El hecho de que un hombre como Ricardo Haces hubiera llegado a jefe de algo le parecía a Rabales una de esas bromas que, aunque hieren, causan mucha gracia; y es que, en su opinión (y la de muchos otros empleados), aunque el licenciado era tan tonto y mediocre como los demás, se comportaba como si de veras mereciera el puesto que ocupaba, sin darse cuenta de que siempre sería un esclavo de la compañía. Enviaba circulares a los empleados que iniciaban con mensajes como: "Está por sonar el pistoletazo de salida que inaugurará una nueva etapa en nuestra empresa...", "Es sabido por todos que mientras más aspiremos más alto llegaremos en el vasto cielo empresarial" o bien "El motivo de la reunión es poner los puntos sobre las ies en lo que respecta a...". Además, conducía una gran camioneta roja, tenía a sus hijos en la mejor universidad y vivía en un barrio semi residencial. Rabales lo había rebautizado con el nombre de Ricardo Heces.
-En este mundo indigesto, la caca es quien manda. -solía decir.

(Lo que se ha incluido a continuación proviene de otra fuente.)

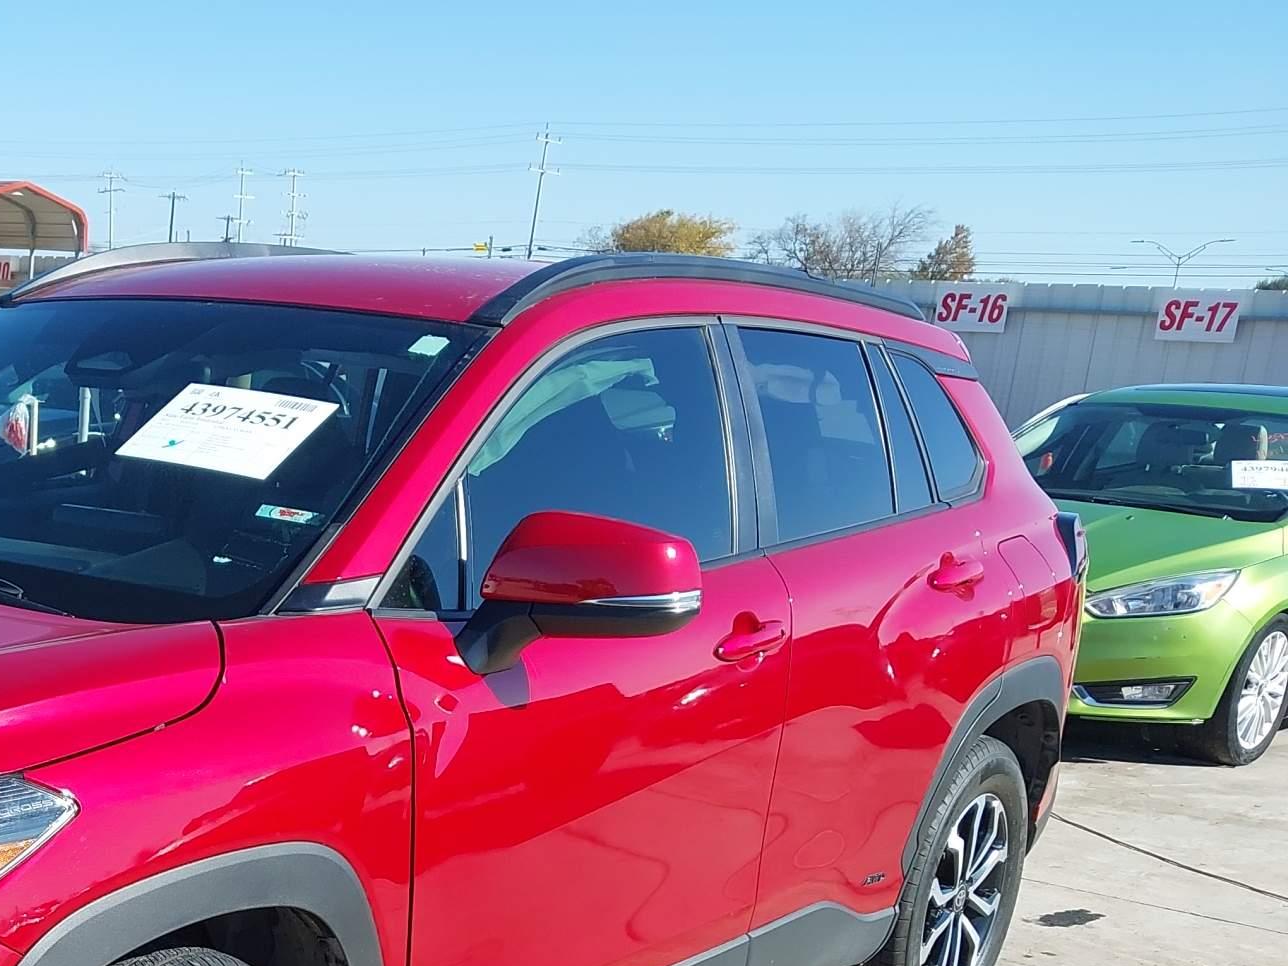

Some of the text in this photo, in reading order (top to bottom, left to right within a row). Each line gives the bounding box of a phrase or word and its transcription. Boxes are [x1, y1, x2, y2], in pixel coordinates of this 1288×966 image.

[937, 292, 1008, 324] SF-16
[1159, 299, 1239, 332] SF-17
[181, 402, 299, 430] 43974551

Leslie Domínguez era, en palabras de Rabales, "una sencilla flor de oficina": joven, fresca y alegre. Era un chica ingenua y humilde, de veintipocos años, que recién había entrado a trabajar de afanadora y que pasó desapercibida para los empleados, menos para Rabales, quien pronto advirtió que bajo el feo uniforme azul que le hacían ponerse había una mujer plena y hermosa. Le gustaba mucho verla cada mañana, cuando llegaba con el cabello suelto y un poco húmedo, y aspirar aquel aroma a perfume suave y barato que dejaba en el pasillo. Comenzó por saludarla al verla cada mañana. Al principio ella se sintió incómoda y hasta un poco asustada por aquel viejo que le sonreía, pero cuando se dio cuenta de que aquella sería la única muestra de calidez que iba a recibir en ese lugar, terminó por devolverle el saludo y sonreir ella también. Poco a poco rompieron el muro de hielo que los separaba y una vez, al final del día, Rabales la invitó a tomar un café. No era un tipo apuesto y tenía varios años más que ella, pero supo hacerla reir con sus ocurrencias y socarronería, y olvidarse de que estaba atrapada en aquel trabajo horrible. Poco a poco ella le entregó su confianza y una tarde, luego de haber comido juntos, él la besó en los labios cuando estaban solos en el elevador. Leslie no lo rechazó y esa misma tarde, al salir del trabajo, se hicieron amantes con toda naturalidad, en un hotel de la calzada de Tlalpan.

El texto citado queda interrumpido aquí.